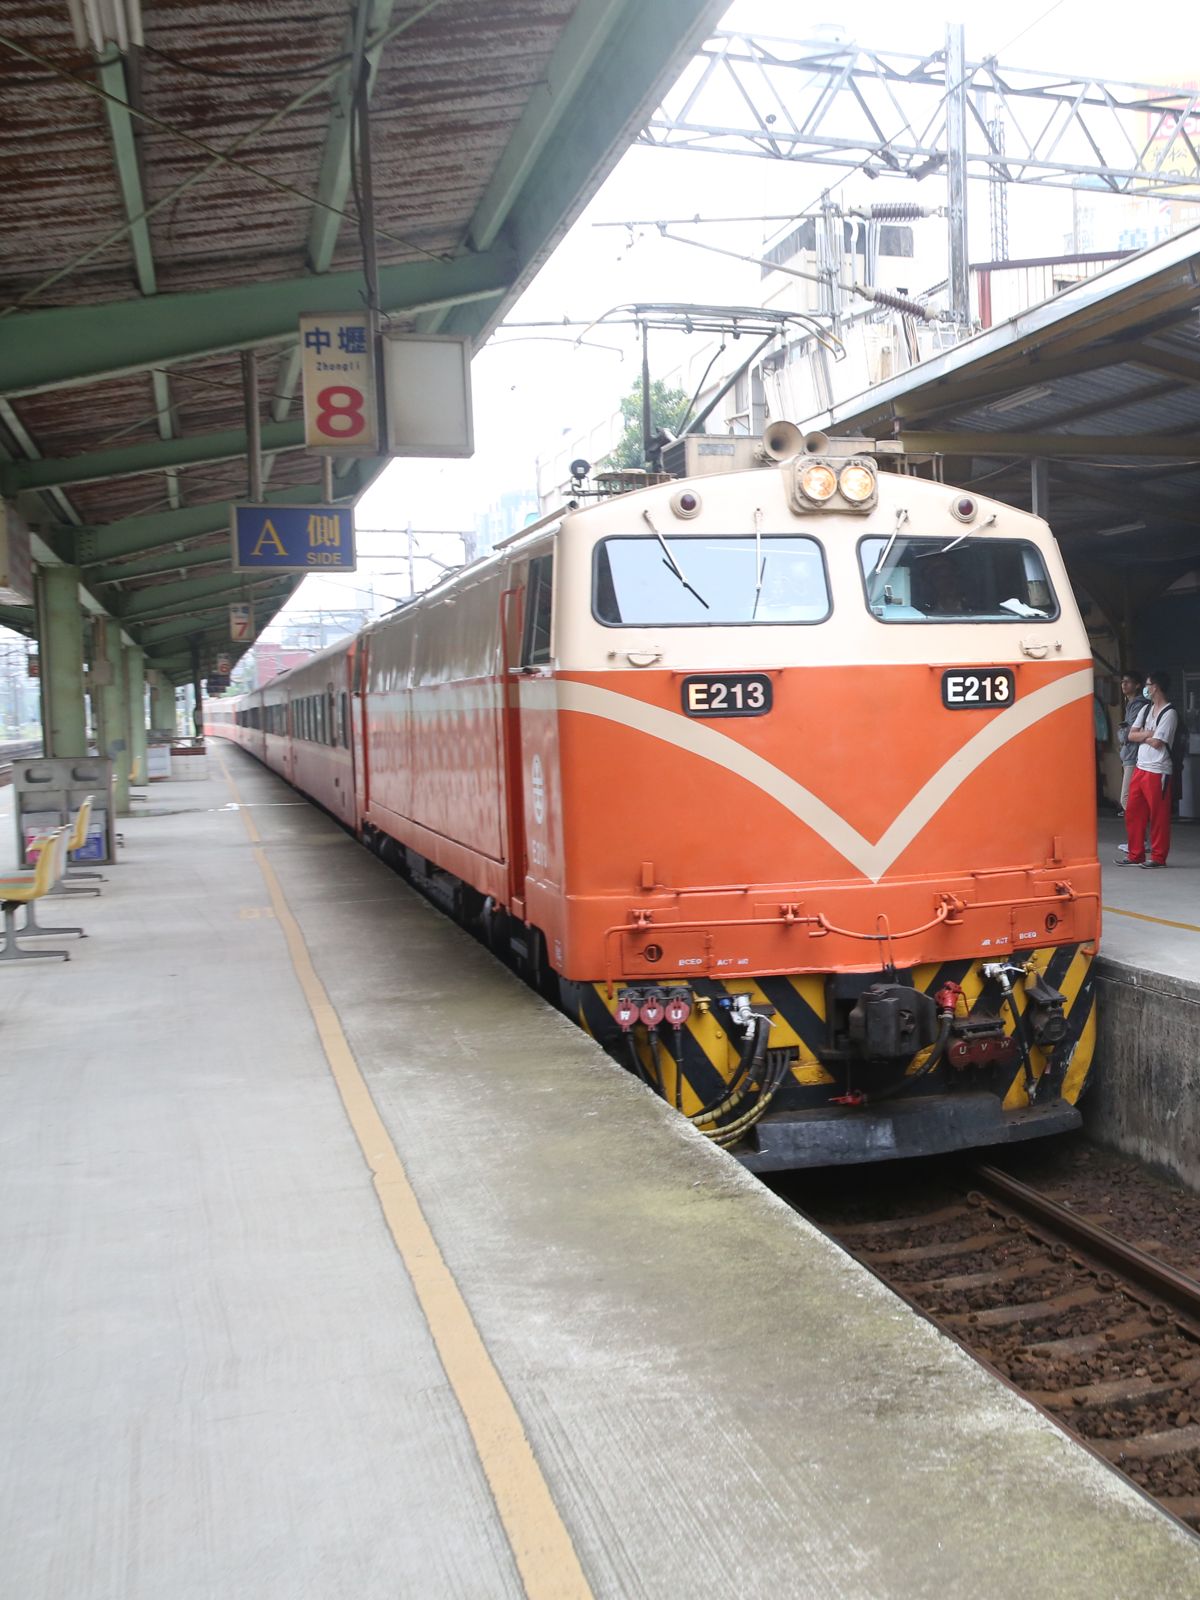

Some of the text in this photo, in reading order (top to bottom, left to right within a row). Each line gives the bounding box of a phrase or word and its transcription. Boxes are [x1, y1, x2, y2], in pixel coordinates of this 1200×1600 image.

[305, 327, 367, 355] 中壢
[316, 385, 366, 438] 8
[250, 514, 340, 556] A 側
[307, 552, 342, 565] SIDE
[235, 622, 250, 637] 7
[688, 682, 765, 710] E213
[947, 676, 1009, 702] E213
[647, 1009, 657, 1018] V
[671, 1010, 682, 1020] U
[960, 1046, 967, 1055] U
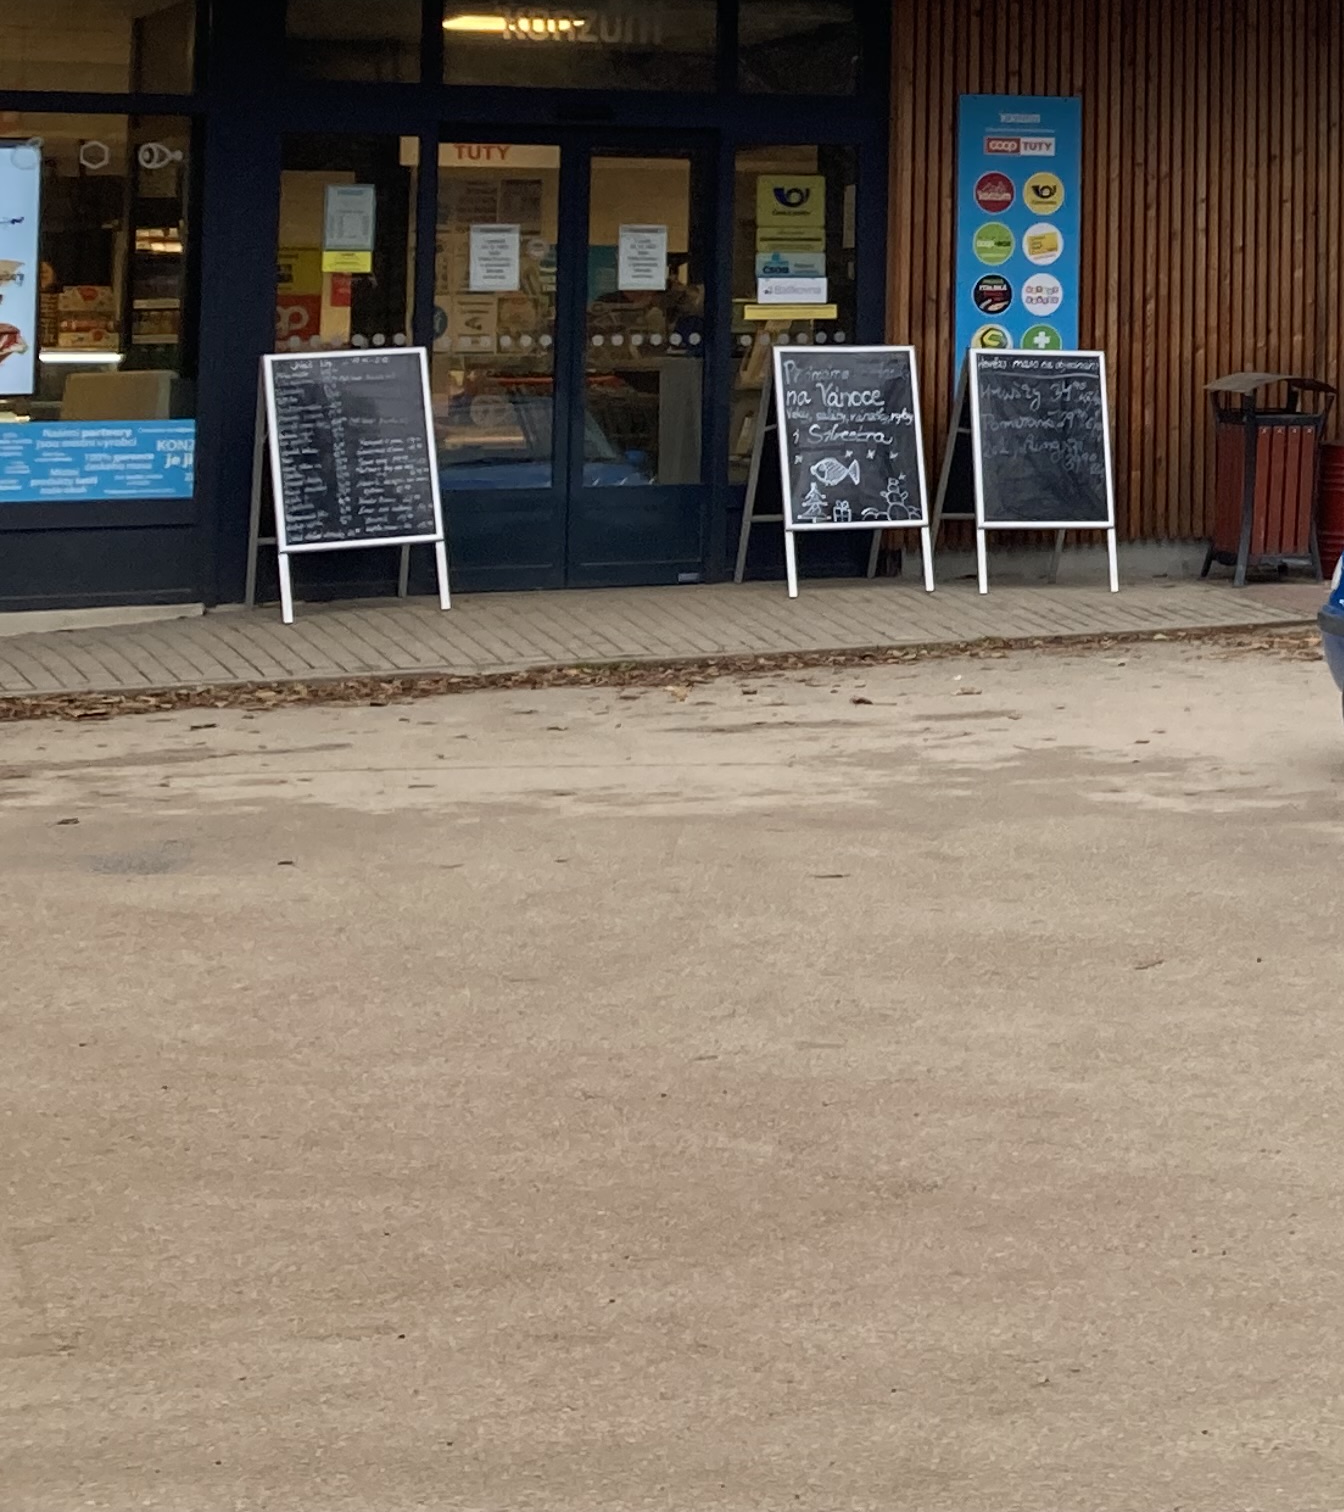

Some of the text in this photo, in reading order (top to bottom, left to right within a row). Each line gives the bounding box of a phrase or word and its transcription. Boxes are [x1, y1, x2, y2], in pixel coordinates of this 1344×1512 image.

### ASSIGNED TASK
The listing above must be printed again exactly, minus its pictures.

### YOUR RESPONSE
Some of the text in this photo, in reading order (top to bottom, left to right within a row). Each line gives the bounding box of a phrase or word and its transcription. Boxes are [x1, y1, x2, y2], in pixel coordinates of this 1200×1600 image.

[305, 327, 367, 355] 中壢
[316, 385, 366, 438] 8
[250, 514, 340, 556] A 側
[307, 552, 342, 565] SIDE
[235, 622, 250, 637] 7
[688, 682, 765, 710] E213
[947, 676, 1009, 702] E213
[647, 1009, 657, 1018] V
[671, 1010, 682, 1020] U
[960, 1046, 967, 1055] U

Some of the text in this photo, in reading order (top to bottom, left to right within a row). Each line gives the bounding box of a phrase or word and its transcription. Boxes are [x1, y1, x2, y2], in pixel coordinates of this 1344×1512 image.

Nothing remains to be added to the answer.